Fig. 2 shows the Fresnel normalised reflectivity curves for the 5 and 20% [P6,6,6,14][BMB] in PC with 0.5% D2O (a corresponding plot for 20% [P6,6,6,14][BMB] in PC with 1% D2O is provided in the ESI,cf. Fig. S4). As the potential was varied, the amplitude of the fringe maxima and minima increased and decreased, depending on the applied potential bias. The relative changes in the reflectivities with respect to 0 V can be seen in the asymmetry plots shown in the Fig. 2 insets. In general, negative biases (blue and green markers) led to an increased fringe amplitude, revealing that the contrast with gold was more pronounced and thus the average SLD of the interfacial region became lower. This effect was then reversed when a positive potential was applied (red markers).
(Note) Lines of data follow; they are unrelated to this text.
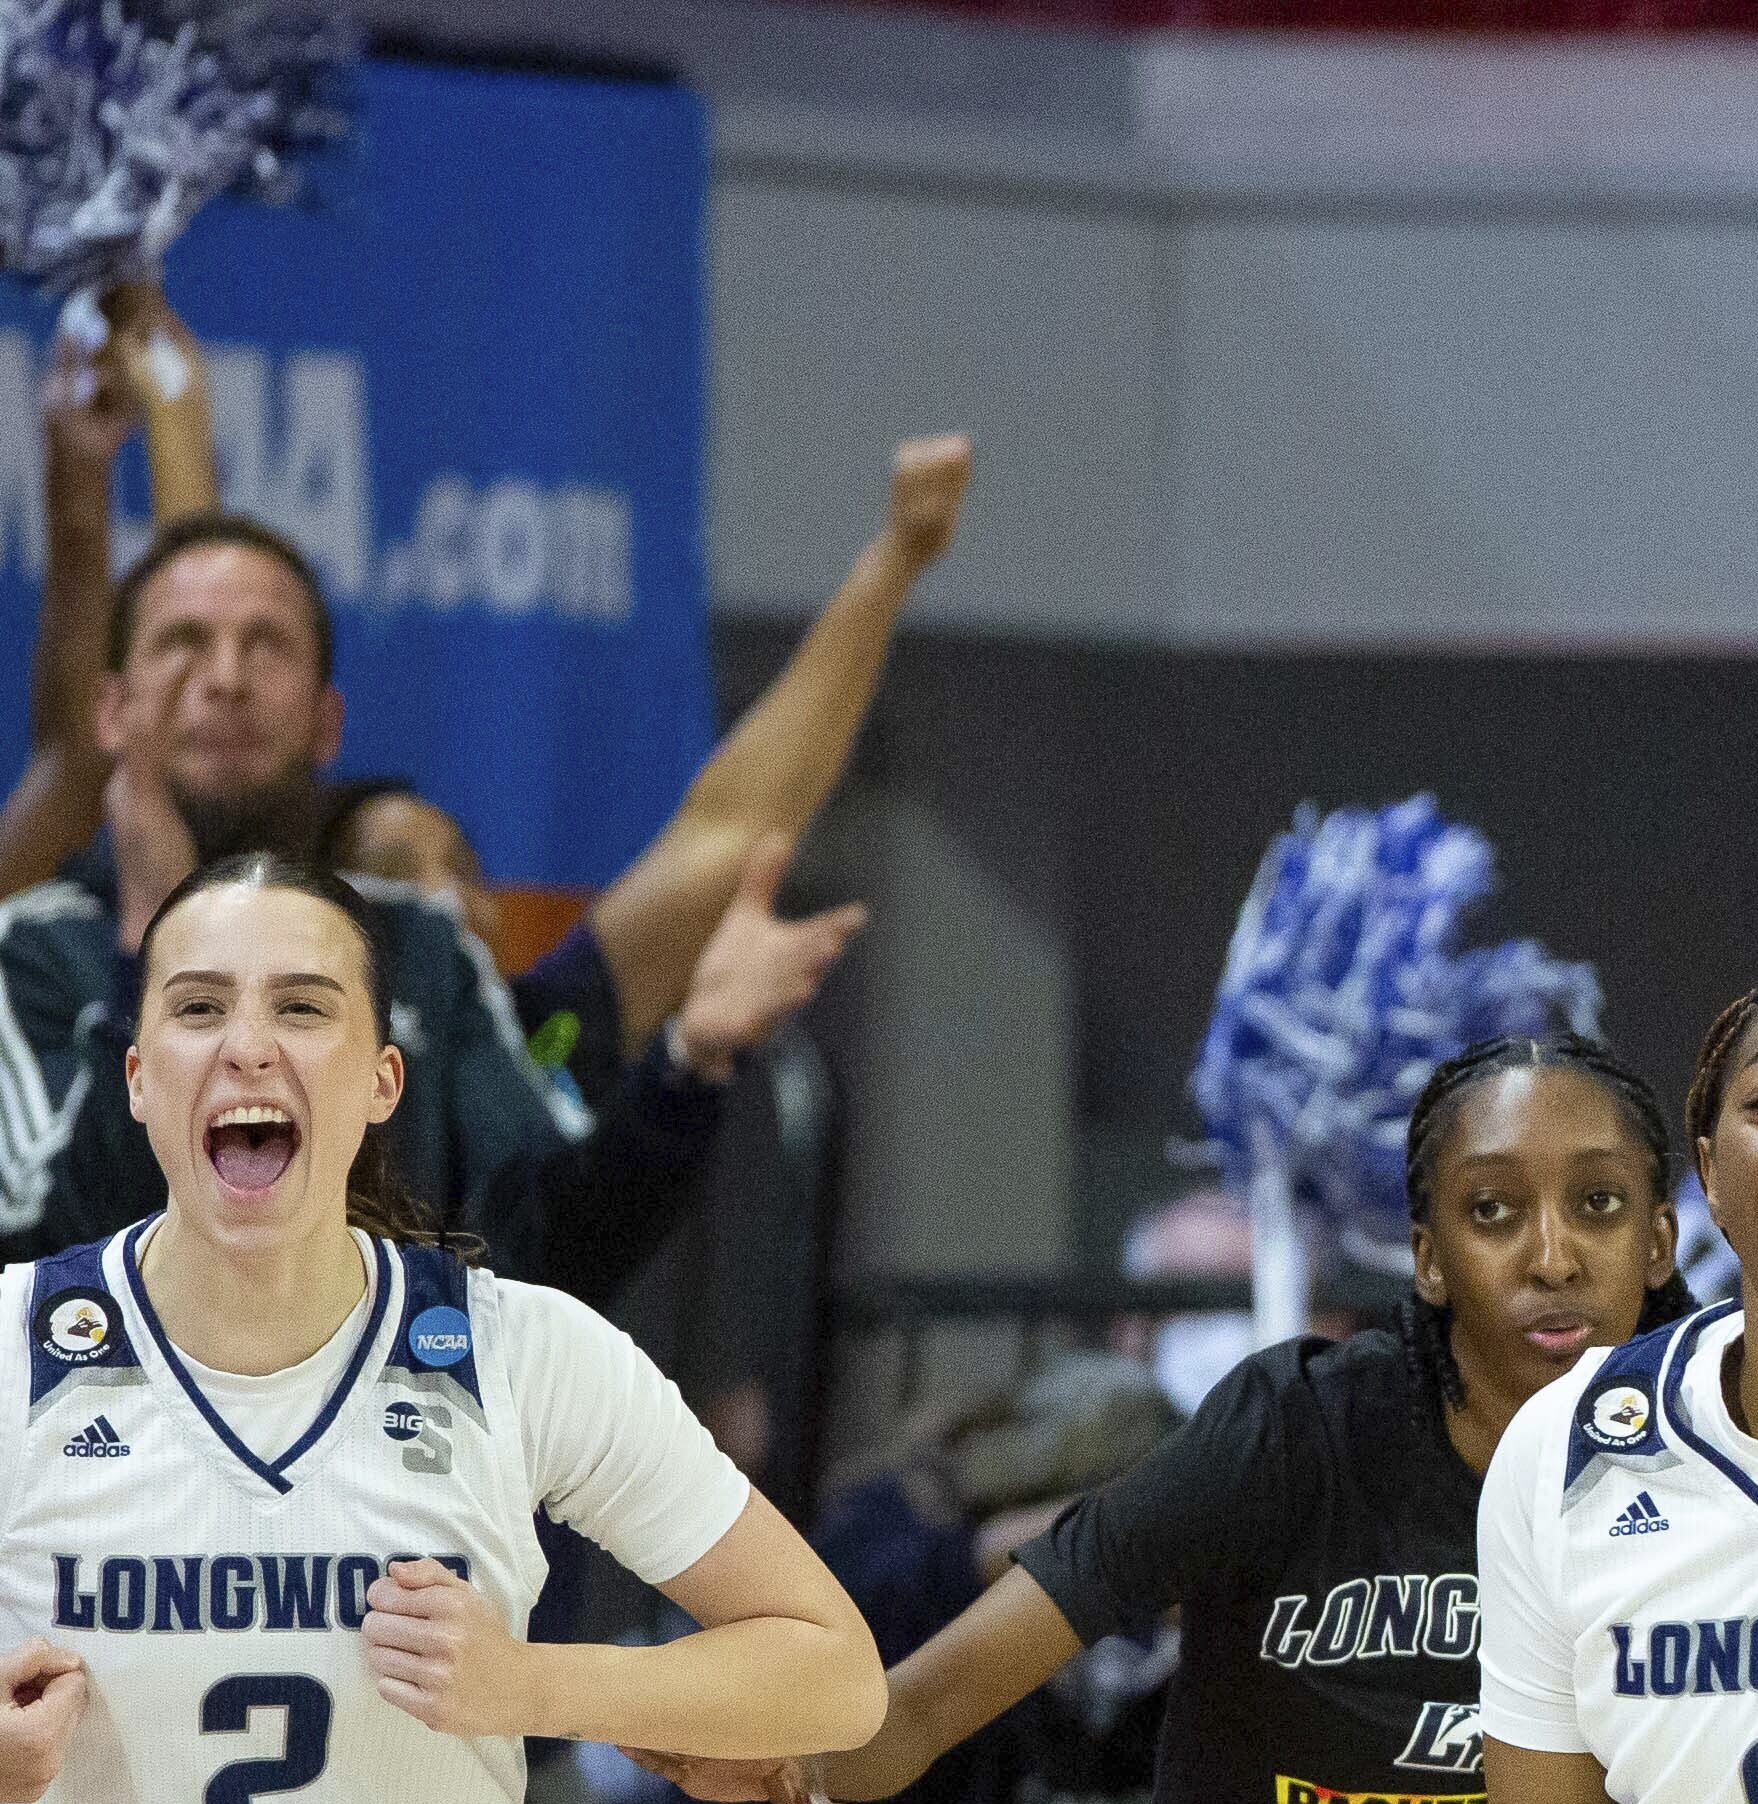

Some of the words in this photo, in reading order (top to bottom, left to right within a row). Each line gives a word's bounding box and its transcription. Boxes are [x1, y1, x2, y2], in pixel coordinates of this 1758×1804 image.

[43, 1340, 73, 1361] United
[75, 1353, 88, 1361] As
[89, 1343, 110, 1358] One
[417, 1334, 468, 1350] NCAA
[384, 1411, 424, 1431] BIG
[63, 1441, 131, 1458] adidas
[1608, 1518, 1670, 1537] adidas
[51, 1553, 471, 1634] LONGWO
image file: d0cp05110a-f2.tif
Fig. 2 Fresnel normalised reflectivity for (a) 5 and (b) 20% w/w [P6,6,6,14][BMB] in PC with 0.5% w/w D2O at gold electrode surface for different applied potentials (indicated in the legend). The insets show asymmetry plots ΔR = [RV(Q) − R0(Q)]/[RV(Q) + R0(Q)] highlighting the changes in the non-zero potential reflectivities (Rv(Q)) with respect to those at 0 V (R0(Q)).
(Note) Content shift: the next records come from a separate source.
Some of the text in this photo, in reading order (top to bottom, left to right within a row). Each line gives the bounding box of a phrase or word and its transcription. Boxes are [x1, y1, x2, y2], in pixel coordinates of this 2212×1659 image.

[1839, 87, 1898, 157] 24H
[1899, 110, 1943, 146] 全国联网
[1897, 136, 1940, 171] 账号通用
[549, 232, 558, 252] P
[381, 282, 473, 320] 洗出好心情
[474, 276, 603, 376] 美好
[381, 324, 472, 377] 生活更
To obtain a more detailed understanding of the origins of these changes in the interfacial region (i.e. in terms of relative changes in the populations of cations, anions and D2O molecules), it is necessary to fit the reflectivity curves. Here we have employed a slab model, whereby the interfacial region is separated into a minimum number of layers in order to provide a best fit to the experimental reflectivity data (cf. Section 2.3). The variation in the SLD obtained from these best fit models can then be compared as a function of the distance (z) from the gold electrode interface. The parameters fitted for each layer are presented in the ESI (cf. Tables S5–S7). The far left of the SLD profiles corresponds to the bulk IL solution, whilst the far right handside corresponds to the gold interface. Further details of these models are discussed in the following sections.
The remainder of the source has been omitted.